Options common to both models

--te TE echo time in s
--delt Time separation between volumes in minutes
--aif ASCII matrix containing the arterial signal
--aifsig Indicate that the AIF is a signal curve
--aifconc Indicate that the AIF is a concentation curve
--inferdelay Infer AIF delay
--disp Apply dispersion to AIF
--inferart Infer arterial component
--artoption Add signals rather than concentrations
--convmtx Type of convolution matrix: simple or voltera

--disp attempts to model the dispersion of the AIF during vascular transport by performing a convolution with a gamma function. The parameters of the convolution are estimated and returned as disp_s and disp_p.

--artoption is only relevant when using --inferart. It causes the arterial contribution to the output to be a sum of the signals from the arterial and tissue components. Without this option, the DSC tracer concentration in a voxel is calculated from the sum of the concentration contributions from arterial and tissue components, and the resulting DSC signal is derived from this.

AIF specification

The AIF should be provided as a series of values in an ASCII text file, listed one per line. There should be one value for each volume in the DSC data. Often the AIF is measured from the data itself by averaging the signal over an ROI which covers a major artery. In this case the --aifsig option should be used (AIF is a signal curve).
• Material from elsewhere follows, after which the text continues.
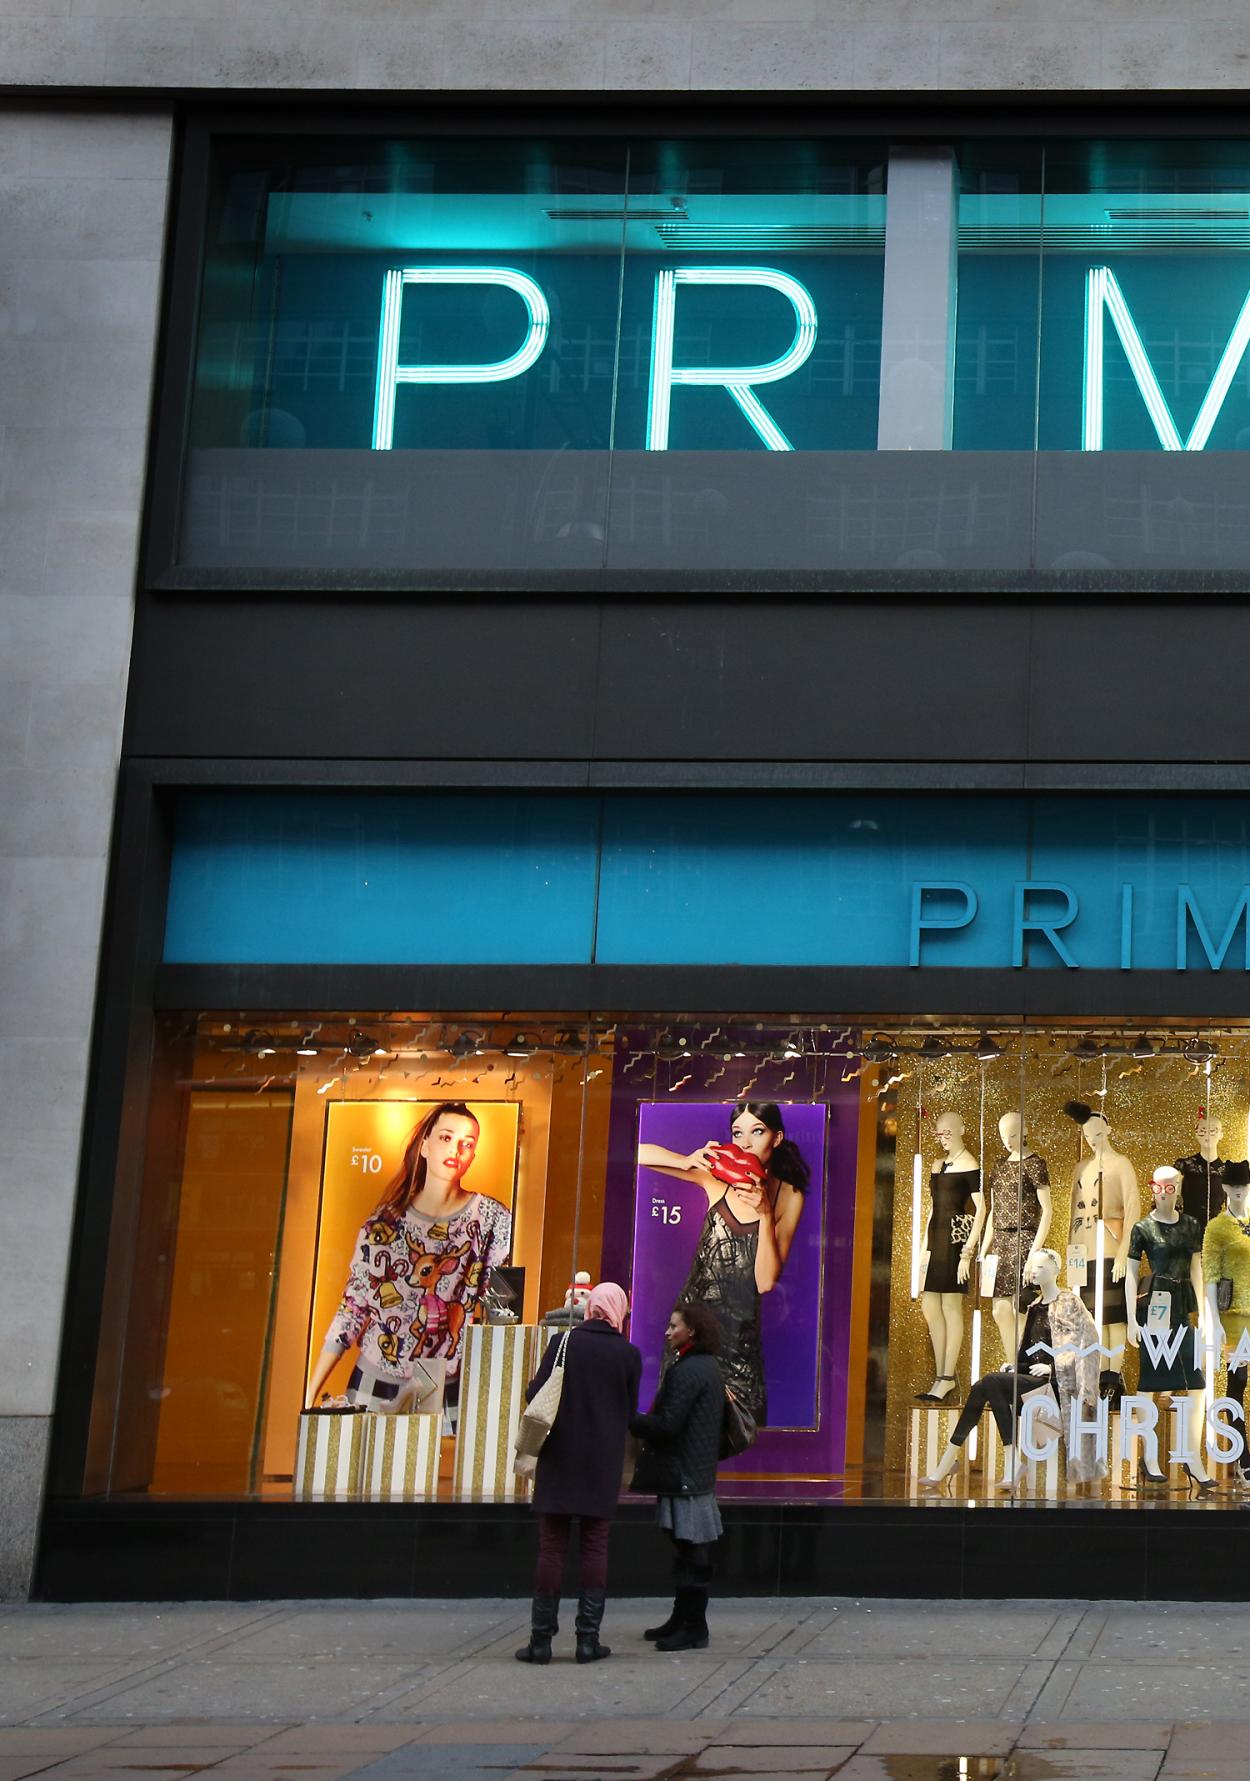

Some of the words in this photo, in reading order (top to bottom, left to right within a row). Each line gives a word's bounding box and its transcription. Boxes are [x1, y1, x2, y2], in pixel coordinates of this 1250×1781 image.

Some tools for extracting an AIF from DSC data instead return a set of values representing the concentration of the DSC tracer in the blood. In this case, --aifconc should be used instead of --aifsig.

If --inferdelay is specified, the model will incorporate a voxelwise delay in the arrival of the bolus, i.e. the AIF for a voxel will be the specified curve time shifted by the delay. The delay value will be estimated within the Bayesian framework in the same way as the other model parameters.


Standard vascular model on DSC data collected every 6s using a measured AIF signal:

fabber_dsc --data=dsc_data --mask=brain_mask
           --method=vb --noise=white
           --te=0.085 --delt=0.1
           --aif=aif_signal.txt --aifsig --inferdelay
           --output=dsc_output --overwrite --save-model-fit

Similar, but using the CPI model and an AIF concentration-time curve:

fabber_dsc --data=dsc_data --mask=brain_mask
           --method=vb --noise=white
           --model=dsc_cpi --num-cps=10
           --te=0.085 --delt=0.1
           --aif=aif_conc.txt --aifconc --inferdelay
           --output=dsc_output --overwrite --save-model-fit


[1]Chappell, M.A., Groves, A.R., Woolrich, M.W., “Variational Bayesian inference for a non-linear forward model”, IEEE Trans. Sig. Proc., 2009, 57(1), 223–236.
[2]Ostergaard L, Chesler D, Weisskoff R, Sorensen A, Rosen B. Modeling Cerebral Blood Flow and Flow Heterogeneity From Magnetic Resonance Residue Data. J Cereb Blood Flow Metab 1999;19:690–699.
[3]Mehndiratta A, MacIntosh BJ, Crane DE, Payne SJ, Chappell MA. A control point interpolation method for the non-parametric quantification of cerebral haemodynamics from dynamic susceptibility contrast MRI. NeuroImage 2013;64:560–570. doi: 10.1016/j.neuroimage.2012.08.083.